▶ **Work to complete**: Render every entry exactly as it appears.

################

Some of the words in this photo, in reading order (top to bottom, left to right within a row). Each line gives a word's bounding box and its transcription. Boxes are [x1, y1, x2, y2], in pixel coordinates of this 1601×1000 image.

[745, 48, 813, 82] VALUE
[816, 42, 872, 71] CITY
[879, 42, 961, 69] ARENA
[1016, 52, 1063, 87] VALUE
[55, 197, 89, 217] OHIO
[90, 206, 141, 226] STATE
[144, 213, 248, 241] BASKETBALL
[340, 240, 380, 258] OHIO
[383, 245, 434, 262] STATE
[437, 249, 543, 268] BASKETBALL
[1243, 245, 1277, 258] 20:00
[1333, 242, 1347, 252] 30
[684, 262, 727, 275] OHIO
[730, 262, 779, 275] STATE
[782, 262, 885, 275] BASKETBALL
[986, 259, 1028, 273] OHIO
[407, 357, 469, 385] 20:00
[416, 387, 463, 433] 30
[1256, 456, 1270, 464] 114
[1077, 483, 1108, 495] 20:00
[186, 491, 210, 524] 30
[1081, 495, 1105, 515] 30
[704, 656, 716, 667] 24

################

▶ **Worked solution**:
Some of the words in this photo, in reading order (top to bottom, left to right within a row). Each line gives a word's bounding box and its transcription. Boxes are [x1, y1, x2, y2], in pixel coordinates of this 1601×1000 image.

[745, 48, 813, 82] VALUE
[816, 42, 872, 71] CITY
[879, 42, 961, 69] ARENA
[1016, 52, 1063, 87] VALUE
[55, 197, 89, 217] OHIO
[90, 206, 141, 226] STATE
[144, 213, 248, 241] BASKETBALL
[340, 240, 380, 258] OHIO
[383, 245, 434, 262] STATE
[437, 249, 543, 268] BASKETBALL
[1243, 245, 1277, 258] 20:00
[1333, 242, 1347, 252] 30
[684, 262, 727, 275] OHIO
[730, 262, 779, 275] STATE
[782, 262, 885, 275] BASKETBALL
[986, 259, 1028, 273] OHIO
[407, 357, 469, 385] 20:00
[416, 387, 463, 433] 30
[1256, 456, 1270, 464] 114
[1077, 483, 1108, 495] 20:00
[186, 491, 210, 524] 30
[1081, 495, 1105, 515] 30
[704, 656, 716, 667] 24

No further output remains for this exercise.